> [PROBLEM DETAILS] The entries that follow should be reproduced exactly, with no images carried over.

> [SUPPLIED RECORDS]

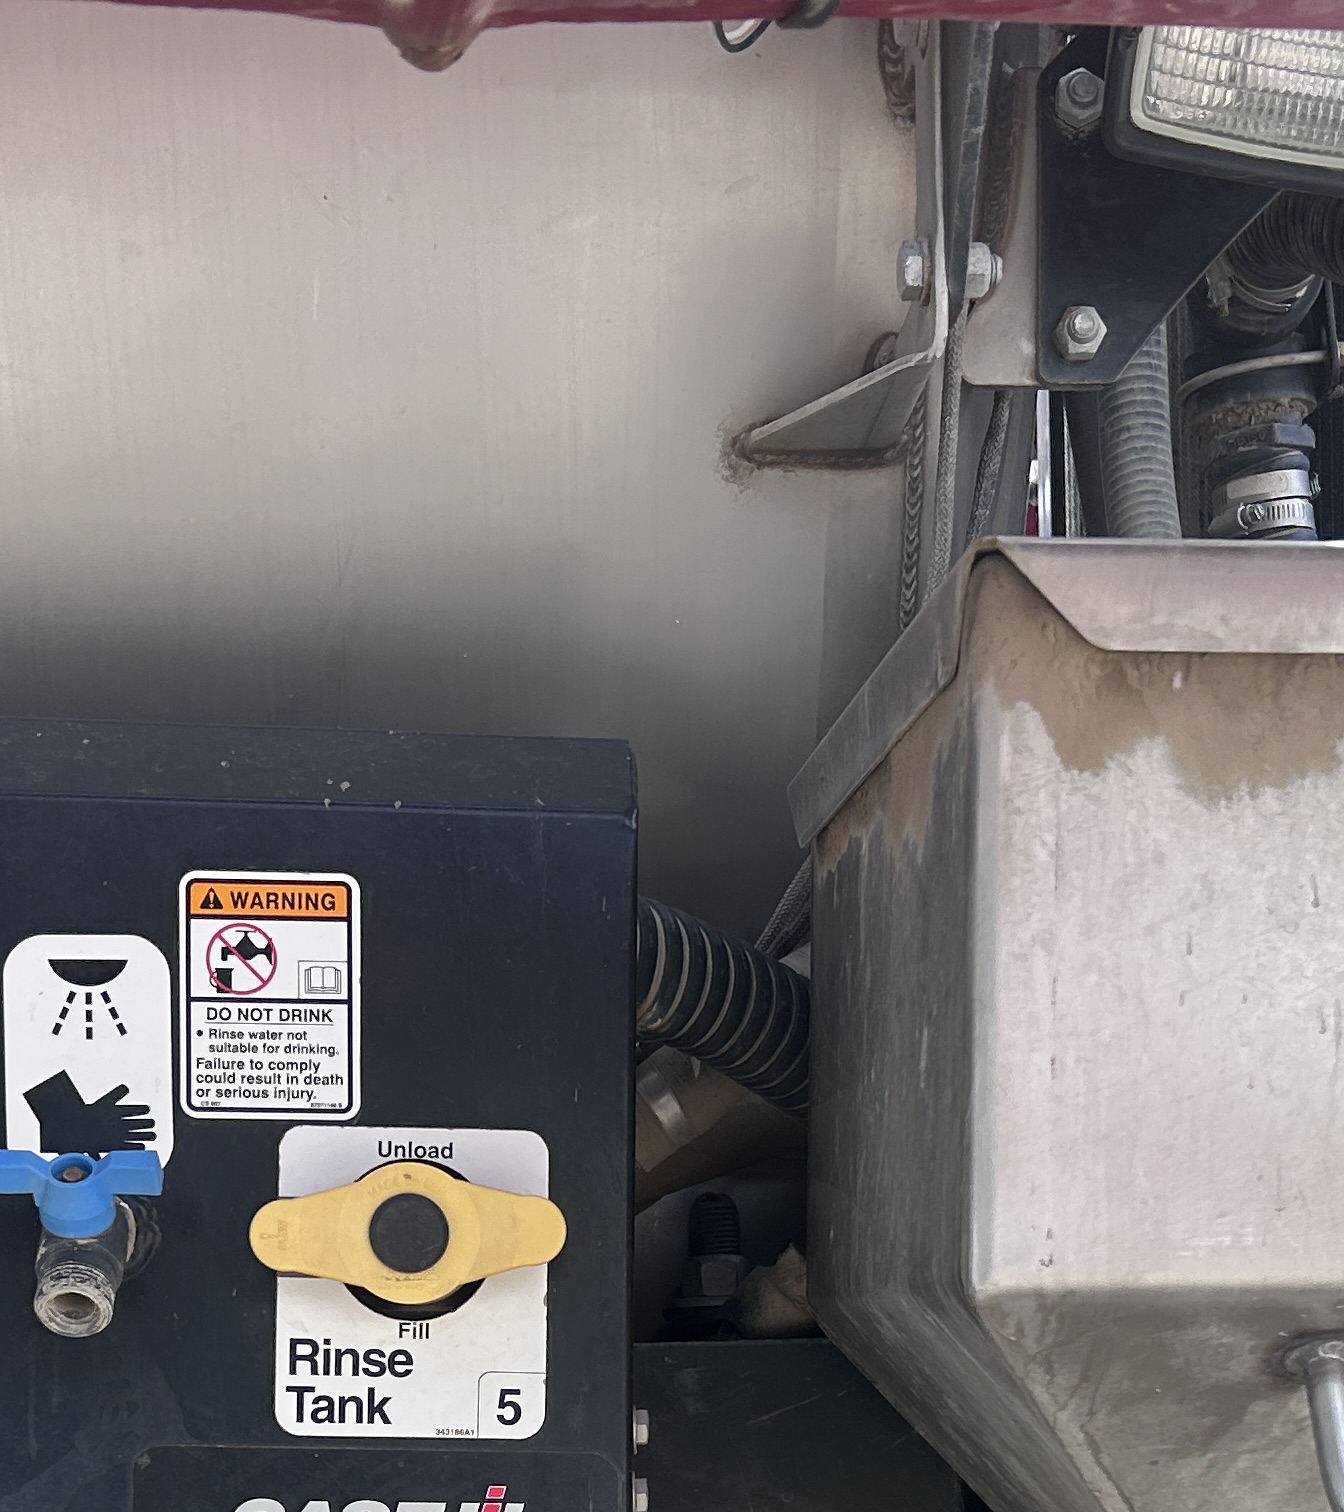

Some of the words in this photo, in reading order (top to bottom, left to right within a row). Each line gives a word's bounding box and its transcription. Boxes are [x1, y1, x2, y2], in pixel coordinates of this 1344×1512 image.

[230, 890, 336, 911] WARNING
[206, 1007, 231, 1021] DO
[238, 1008, 273, 1022] NOT
[279, 1008, 333, 1023] DRINK
[209, 1028, 244, 1040] Rinse
[248, 1030, 283, 1040] water
[287, 1030, 307, 1041] not
[209, 1042, 258, 1054] suitable
[262, 1043, 280, 1055] for
[284, 1043, 339, 1058] drinking.
[197, 1058, 245, 1070] Failure
[249, 1060, 263, 1071] to
[268, 1059, 320, 1074] comply
[196, 1072, 235, 1084] could
[241, 1073, 281, 1085] result
[286, 1073, 299, 1085] in
[304, 1074, 344, 1086] death
[196, 1088, 210, 1098] or
[215, 1087, 269, 1099] serious
[274, 1087, 317, 1102] injury.
[377, 1140, 454, 1160] Unload
[398, 1322, 430, 1340] Fill
[288, 1337, 414, 1378] Rinse
[285, 1385, 392, 1425] Tank
[496, 1388, 522, 1426] 5

> [THE COMPLETED TASK]
Some of the words in this photo, in reading order (top to bottom, left to right within a row). Each line gives a word's bounding box and its transcription. Boxes are [x1, y1, x2, y2], in pixel coordinates of this 1344×1512 image.

[230, 890, 336, 911] WARNING
[206, 1007, 231, 1021] DO
[238, 1008, 273, 1022] NOT
[279, 1008, 333, 1023] DRINK
[209, 1028, 244, 1040] Rinse
[248, 1030, 283, 1040] water
[287, 1030, 307, 1041] not
[209, 1042, 258, 1054] suitable
[262, 1043, 280, 1055] for
[284, 1043, 339, 1058] drinking.
[197, 1058, 245, 1070] Failure
[249, 1060, 263, 1071] to
[268, 1059, 320, 1074] comply
[196, 1072, 235, 1084] could
[241, 1073, 281, 1085] result
[286, 1073, 299, 1085] in
[304, 1074, 344, 1086] death
[196, 1088, 210, 1098] or
[215, 1087, 269, 1099] serious
[274, 1087, 317, 1102] injury.
[377, 1140, 454, 1160] Unload
[398, 1322, 430, 1340] Fill
[288, 1337, 414, 1378] Rinse
[285, 1385, 392, 1425] Tank
[496, 1388, 522, 1426] 5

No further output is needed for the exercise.